Em um primeiro momento, a ideia de artistas aceitando convites de gestores para trabalhar em organizações fora do mundo da arte, e por períodos extensos pode parecer até contraditório. Afinal, artistas e gestores têm valores, motivações e formas de pensar e agir absolutamente distintas— principalmente se estamos falando do setor privado.

De um lado vemos a arte com o objetivo final justificado em si; (Guerard 1936) e do outro, os negócios objetivando geração de lucro e impulsionamento da economia (Friedman, 2007). No entanto, por mais imperativo que seja reconhecer diferenças, devemos também evitar as representações engessadas das chamadas empreitadas artísticas e dos propósitos de gestão.

Ver os domínios das artes e do mundo organizacional como culturas separadas, cada uma com suas crenças, normas e linguagens ao invés de extremos opostos, permite a possibilidade de aprendizado mutuo, ao mesmo tempo, em que preserva as respectivas identidades (Strauß, 2009).

Semelhante a outras experiências de aprendizado intercultural, aqui também é necessário sair da zona de conforto e navegar por momentos de frustração, conflitos e mal-entendidos (Eriksson, 2009).
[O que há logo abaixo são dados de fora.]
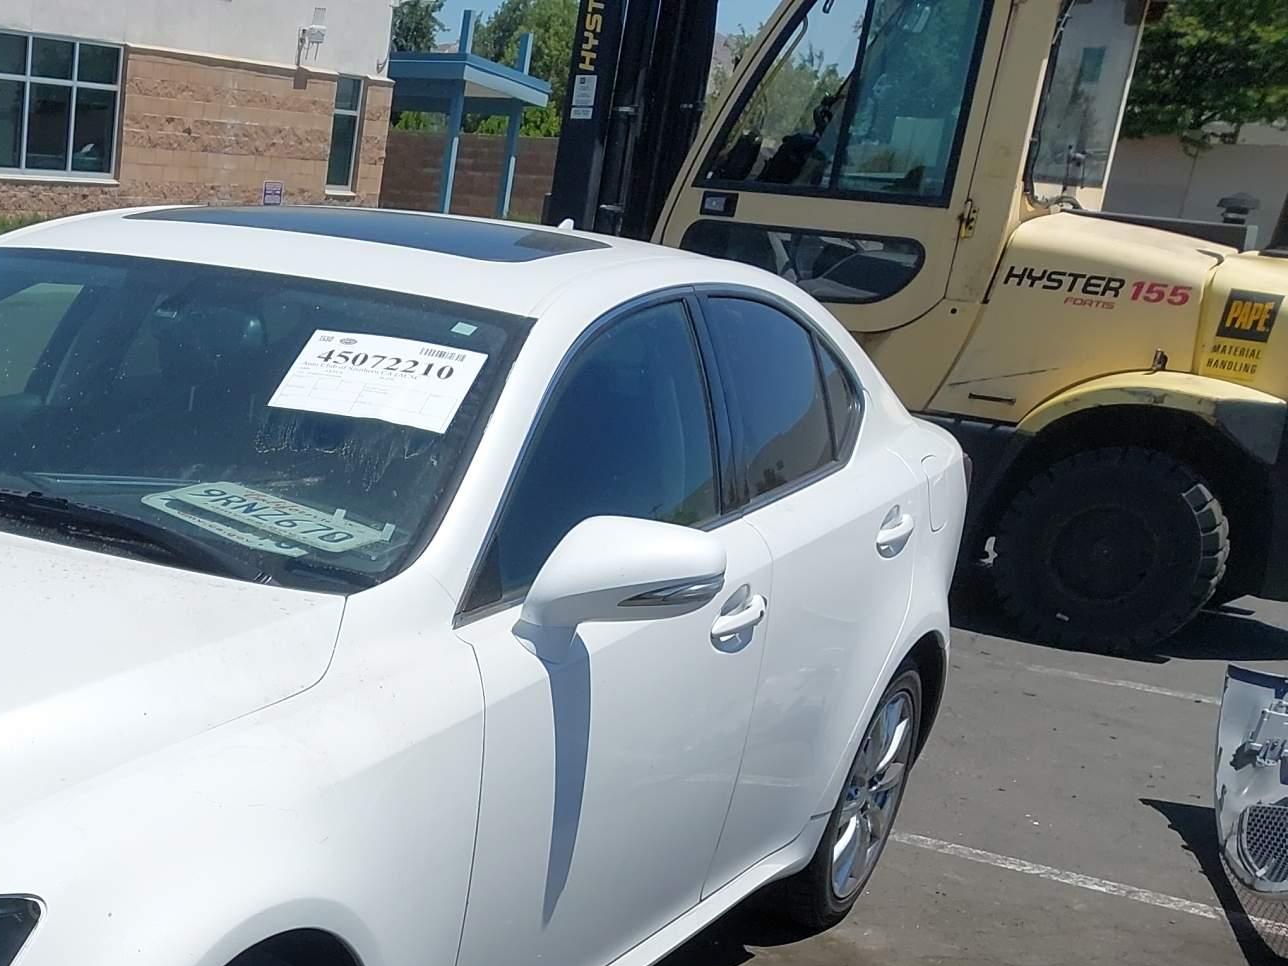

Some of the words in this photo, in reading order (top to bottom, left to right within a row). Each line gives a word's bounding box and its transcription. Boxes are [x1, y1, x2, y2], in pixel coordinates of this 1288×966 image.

[1003, 266, 1126, 298] HYSTER
[1130, 280, 1193, 306] 155
[1064, 296, 1116, 310] FORTIS
[1211, 344, 1262, 360] MATERIAL
[316, 349, 454, 380] 45072210
[1206, 358, 1258, 374] HANDLING
[188, 488, 354, 543] 9RNZ670
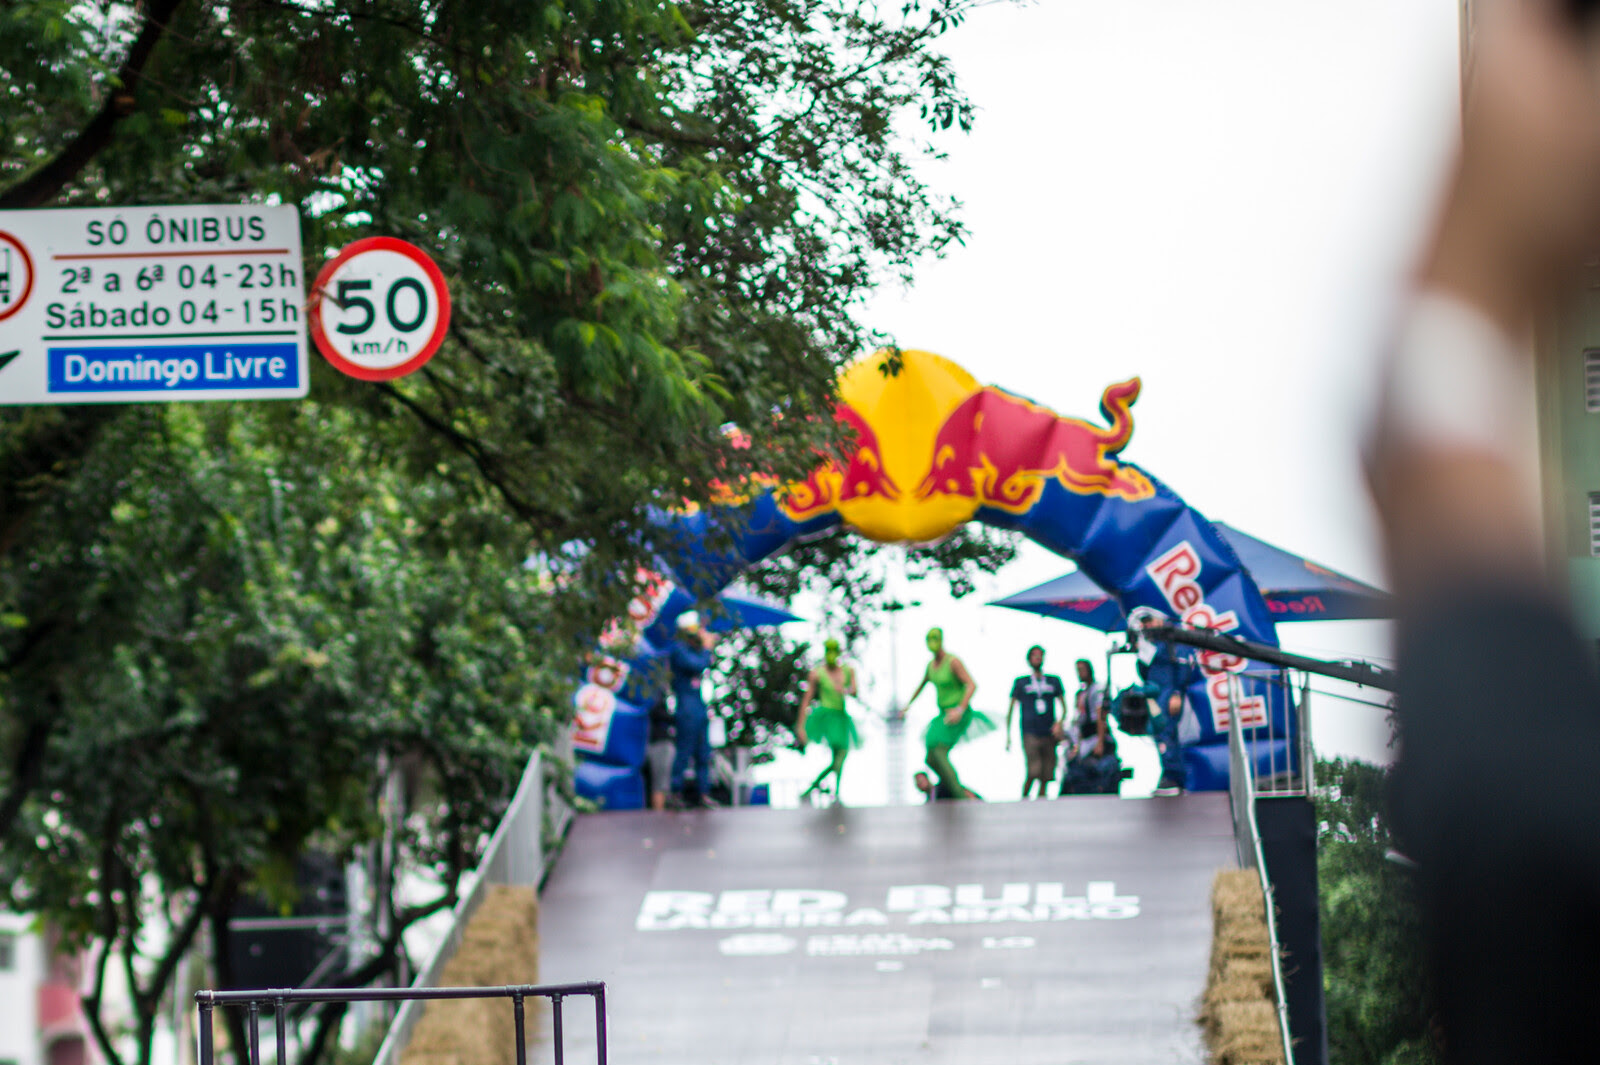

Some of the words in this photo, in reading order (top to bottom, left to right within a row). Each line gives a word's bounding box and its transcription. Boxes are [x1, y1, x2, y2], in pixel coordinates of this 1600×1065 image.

[86, 214, 127, 246] SÓ
[146, 213, 266, 244] ÔNIBUS
[61, 266, 92, 294] 2ª
[103, 272, 121, 293] a
[136, 264, 164, 291] 6ª
[46, 300, 170, 329] Sábado
[336, 276, 428, 335] 50
[351, 337, 409, 355] km/h
[64, 353, 199, 388] Domingo
[204, 351, 287, 381] Livre
[640, 889, 849, 915] RED
[886, 881, 1140, 911] BULL
Essas dissonâncias são particularmente prováveis nesse tipo de interação intercultural, principalmente porque o mundo das artes sempre teve como papel criticar à sociedade e dar voz aos marginalizados.
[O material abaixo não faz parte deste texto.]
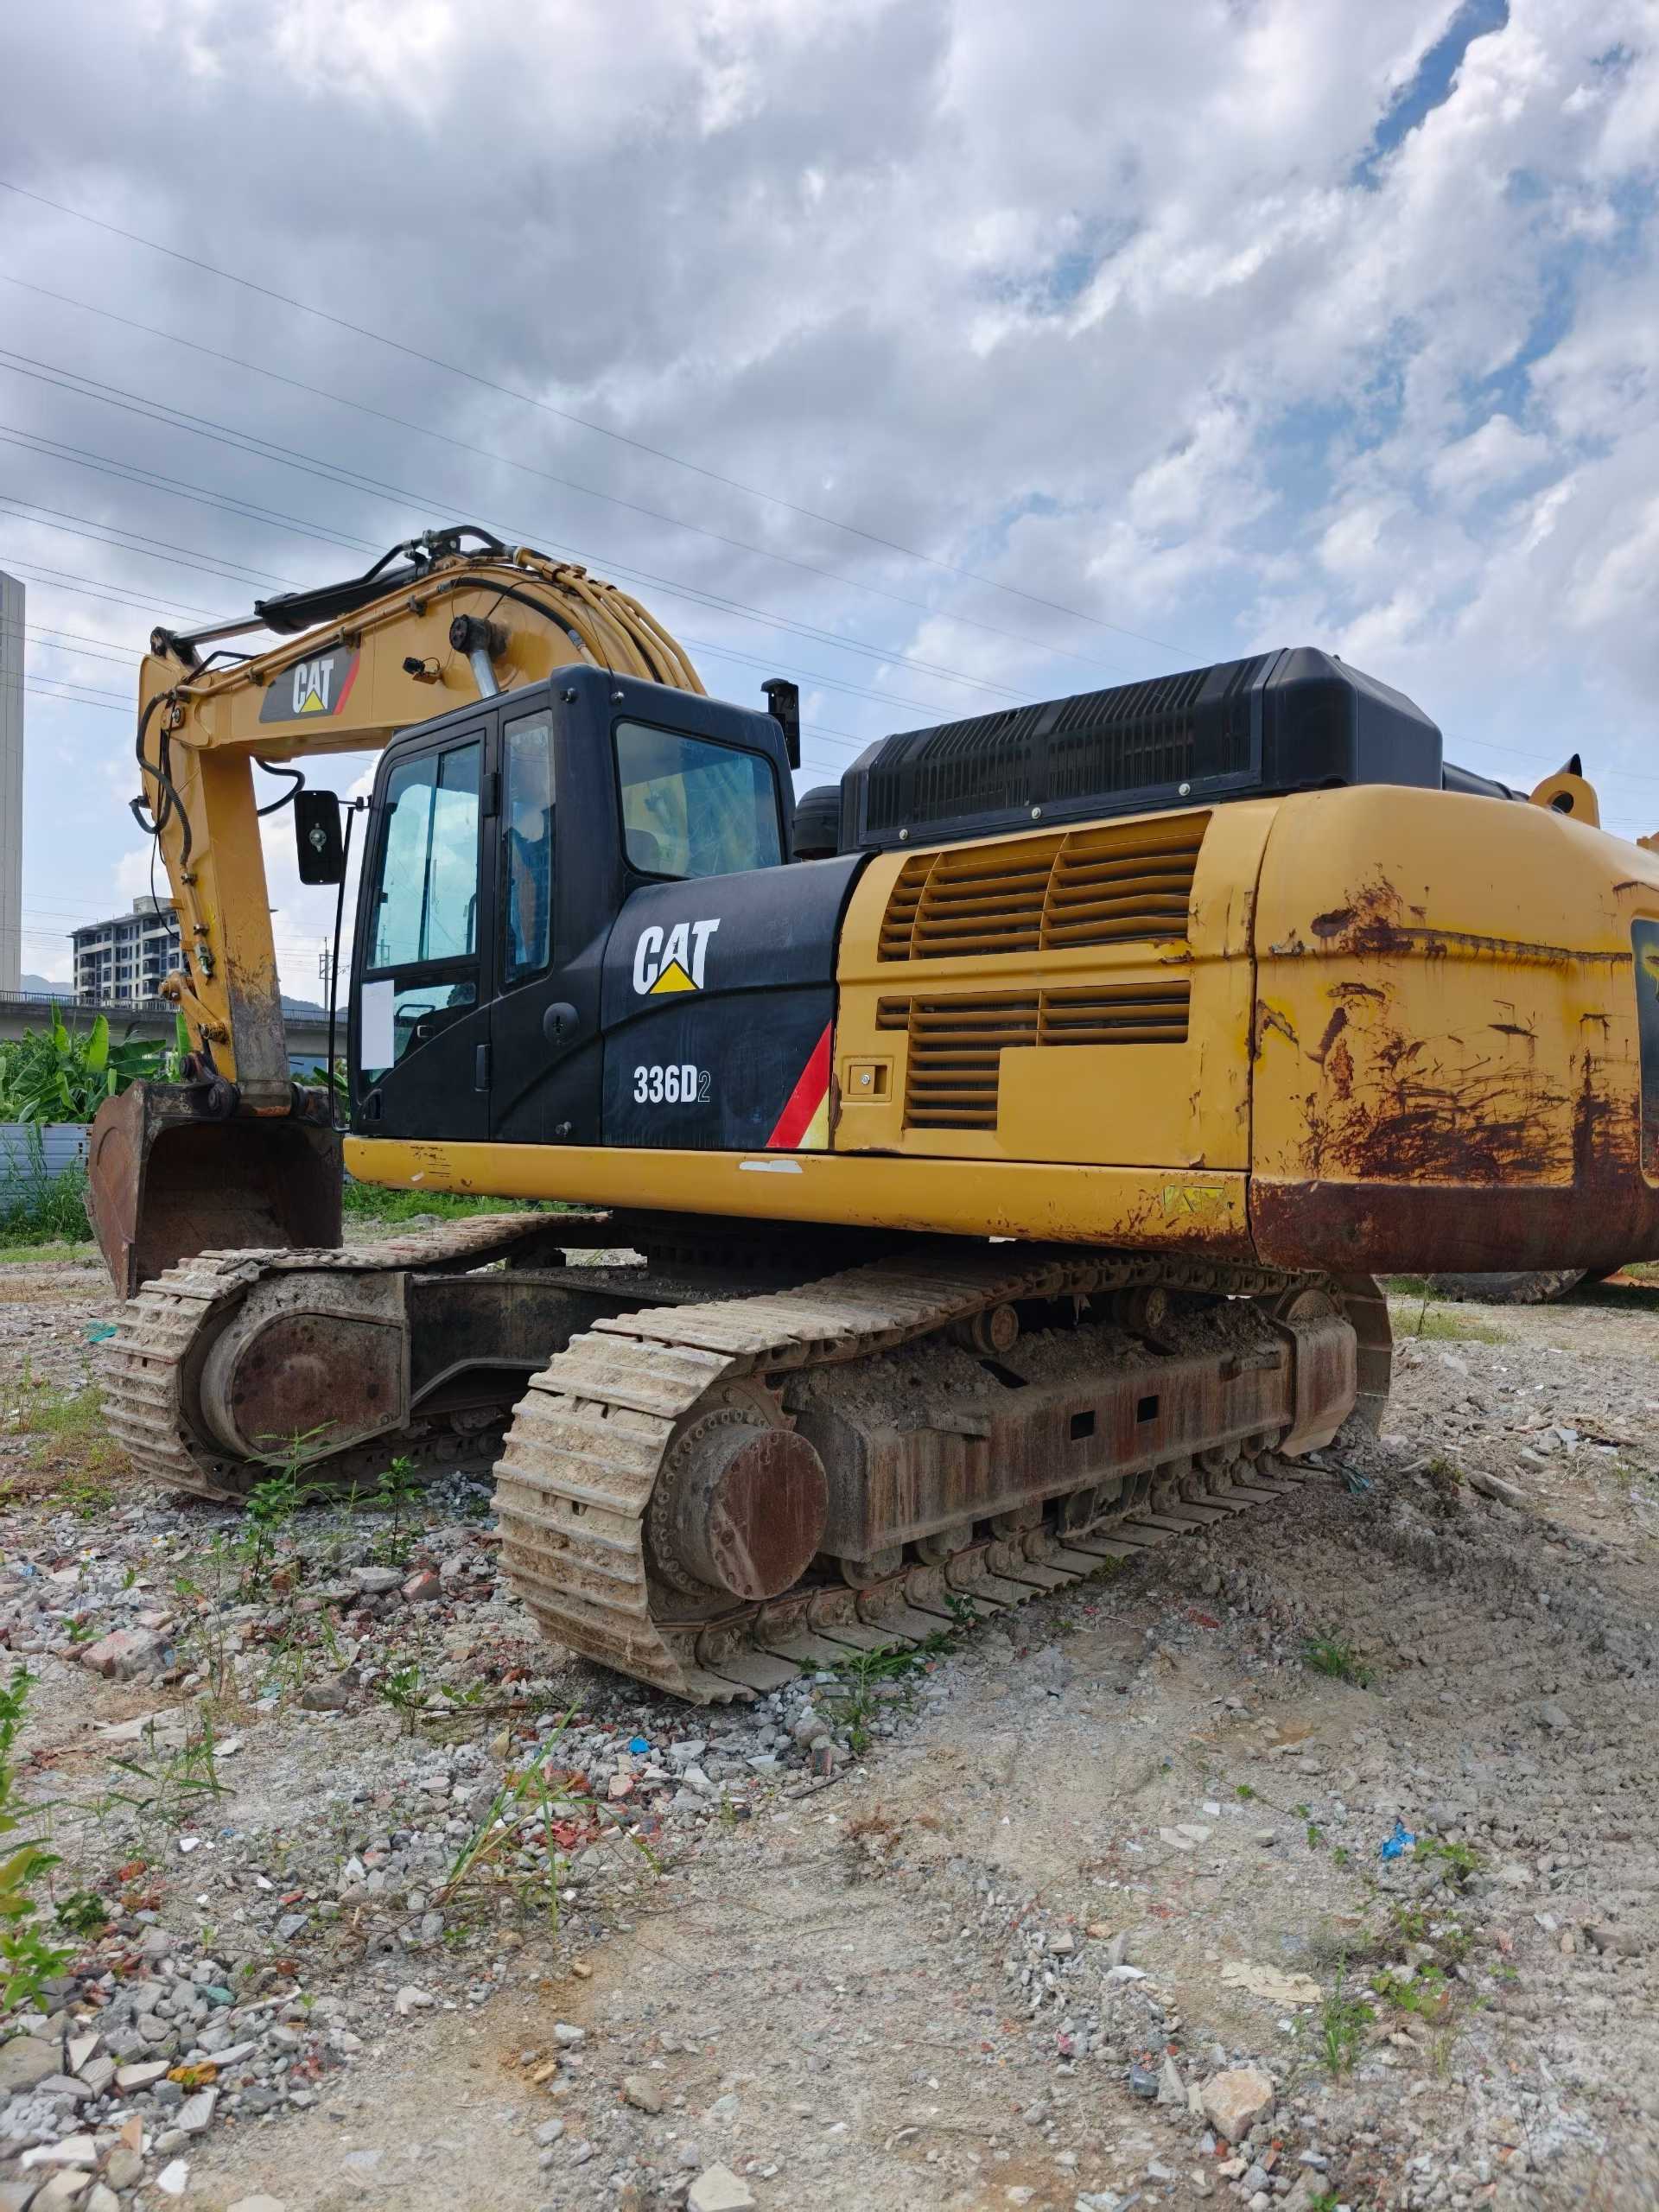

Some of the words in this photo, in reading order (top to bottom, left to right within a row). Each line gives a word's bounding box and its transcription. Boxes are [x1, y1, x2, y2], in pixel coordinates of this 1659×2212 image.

[293, 659, 334, 714] CAT
[632, 918, 721, 995] CAT
[633, 1065, 712, 1103] 336D2
Forma-se então uma relação de ganhos para ambas as partes, com gestores valendo-se das intervenções artísticas para o desenvolvimento de habilidades de seus funcionários como criatividade e liderança, aprimoramento da comunicação e estímulo aos processos de inovação. E artistas com seus objetivos atendidos, como a busca de contextos fora do mundo das artes para exposição de seus trabalhos, a procura de inspiração visando aprimorar projetos dentro do próprio universo artístico, e de uma forma mais abrangente, o estímulo de mudanças na própria sociedade (Berthoin Antal 2009).

O potencial da criatividade nos seres humanos é algo notável. No entanto, é mais fácil vê-la manifestada em setores como tecnologia, produtos e serviços ao invés de primeiramente como uma habilidade a ser cultivada e utilizada por indivíduos.
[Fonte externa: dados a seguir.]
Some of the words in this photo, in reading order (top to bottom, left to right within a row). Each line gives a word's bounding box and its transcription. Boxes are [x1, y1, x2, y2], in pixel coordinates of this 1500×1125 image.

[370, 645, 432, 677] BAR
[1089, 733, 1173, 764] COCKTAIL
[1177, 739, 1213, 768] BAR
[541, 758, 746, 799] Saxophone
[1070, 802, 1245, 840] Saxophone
E, como são pessoas que estão à frente de empresas, galerias, orquestras, teatros e museus, é possível afirmar que artistas e gestores experimentam mais compatibilidades do que diferenças.

Para os artistas, o trabalho está na arte que criam, enquanto para os gestores, na ideia ou no projeto que estão buscando. Garantidamente, ambos trazem a motivação como denominador comum.

Artistas passam meses ou até anos planejando e executando seus projetos. Além de novas ideias, também precisam de determinação, habilidades de negociação e assertividade. Da mesma forma, para atingir metas e objetivos, gestores precisam coordenar e considerar diferentes perspectivas dentro e de fora de suas empresas.

Em última análise, todo coreografo, diretor de cinema ou regente de orquestra é também, na verdade, responsável pelo resultado do trabalho de sua equipe.

Embora existam inúmeras semelhanças entre artistas e gestores, quando o segundo depara com situações inesperadas, experimenta desconforto e até uma certa vulnerabilidade. Já os artistas contemplam estas situações como “solo fértil” para potenciais transformações da sua arte.

Muitos executivos CEOs possuem uma mentalidade rígida de causa e efeito que, em ambientes corporativos, não operam de maneira tão linear. Baseados em gestão científica, utilizam KPIs e metas no treinamento de seus funcionários, induzindo-os a pensar da mesma forma. Esses líderes hesitam em aprovar qualquer outro experimento que não lhes dê garantia do resultado satisfatório. Passam então a operar em um ciclo repetitivo, restringindo sua capacidade de pensar “fora da caixa.”

Por outro lado, artistas não estão limitados por expectativas ou restrições intelectuais que afligem os que ocupam cargos de liderança. Também não se preocupam em atender o mercado, uma vez que seu processo criativo leva tempo, correndo paralelamente a evolução do mesmo. Seu senso de urgência, está na criação do que desejam e na paixão ardente que reside dento deles.

A arte não oferece garantias. Muitos artistas, como Samuel Beckett, Charles Dickens e Virginia Woolf, passam parte significativa de suas vidas experimentando outras atividades que lhes permitiram reunir e filtrar informações para depois dar sentido a elas. Foi através destas experiências multidisciplinares que puderam unir pontos, garantindo-lhes o surgimento de ideias únicas e criativas.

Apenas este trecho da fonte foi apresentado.